IEEE SERVICES-I/ICWS 2009 and CLOUD 2009 Joint Keynotes
Keynote 1 (Opening): IBM’s Cloud Computing (Maria Azua, Vice President of Cloud Computing Enablement, IBM Enterprise Initiatve, USA)
Keynote 2: (Banquet) Gaming Services (Sony, USA)
Keynote 3: The Impacts of Cloud Computing in the Real World (Ming-Chien Shan & Paul Hofmann, Vice President, SAP Research, USA)
Keynote 4: Back to the Future: Challenges in Cloud-Based Service Computing (Calton Pu, Professor and John P. Imlay, Jr. Chair in Software, Georgia Tech, USA)

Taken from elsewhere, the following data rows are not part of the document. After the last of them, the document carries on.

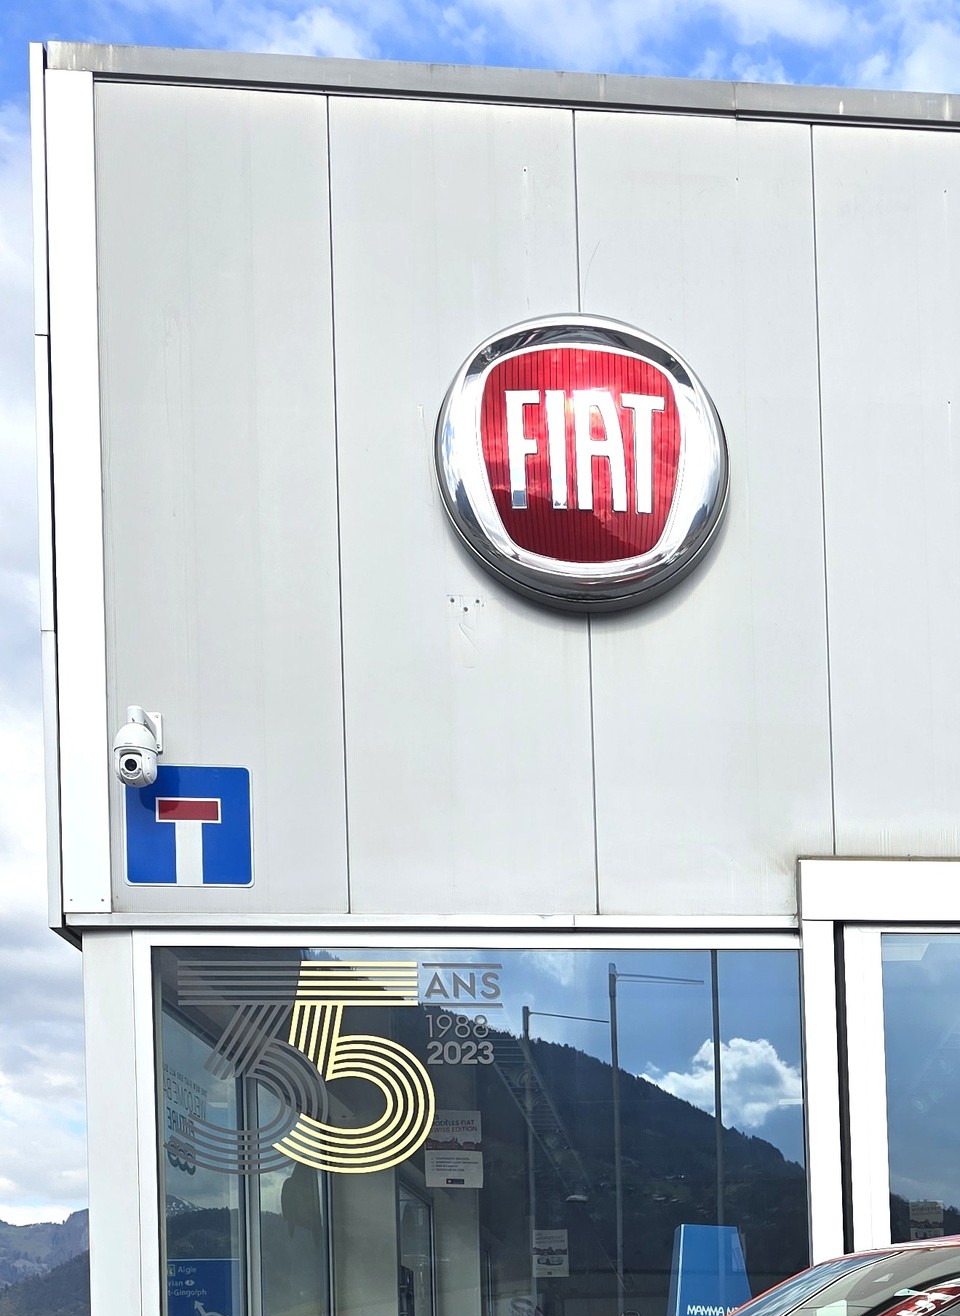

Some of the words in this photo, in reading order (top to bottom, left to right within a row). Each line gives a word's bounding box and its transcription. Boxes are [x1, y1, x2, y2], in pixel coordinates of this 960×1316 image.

[504, 388, 665, 515] FIAT
[424, 971, 501, 1000] ANS
[425, 1013, 490, 1039] 1988
[426, 1040, 496, 1066] 2023
[163, 960, 436, 1175] 35
[435, 1118, 460, 1127] ODÈLES
[167, 1288, 207, 1298] t-Gingolph
[686, 1304, 725, 1316] MAMMA

In this talk, some strategic directions on the implementation, deployment and operations of internal cloud computing offerings as well as external development clouds will be presented. This talk will also cover the creation of a vibrant and engaged community of ISVs, Business Partners, and technical community to foster cloud computing IT methodologies and programming models.
About the Speaker:
Maria Azua is vice President of Cloud Computing Enablement, Enterprise Initiatives at IBM. She reports to IBM CTO of Enterprise Initiatives. Prior to this position, she was the vice president of technology and innovation for the IBM Corporation. She was responsible for improving the productivity of employees by identifying and integrating new technologies and solutions into the workplace. Maria graduated with honors and a bachelor's degree in math and physics from the University of Puerto Rico. She also obtained a master's in computer science from the University of Miami and an MBA from Florida Atlantic University. She joined IBM in 1989 and held a variety of technical staff and management positions before reaching her current executive position. As an engineer, Maria has garnered the most prestigious technical recognition available at IBM. She is a Distinguished Engineer and Master Inventor with 45 approved patents and another 43 applications pending. She also is a member of the IBM Academy of Technology, an elite think tank of 300 of IBM's top technologists and scientists.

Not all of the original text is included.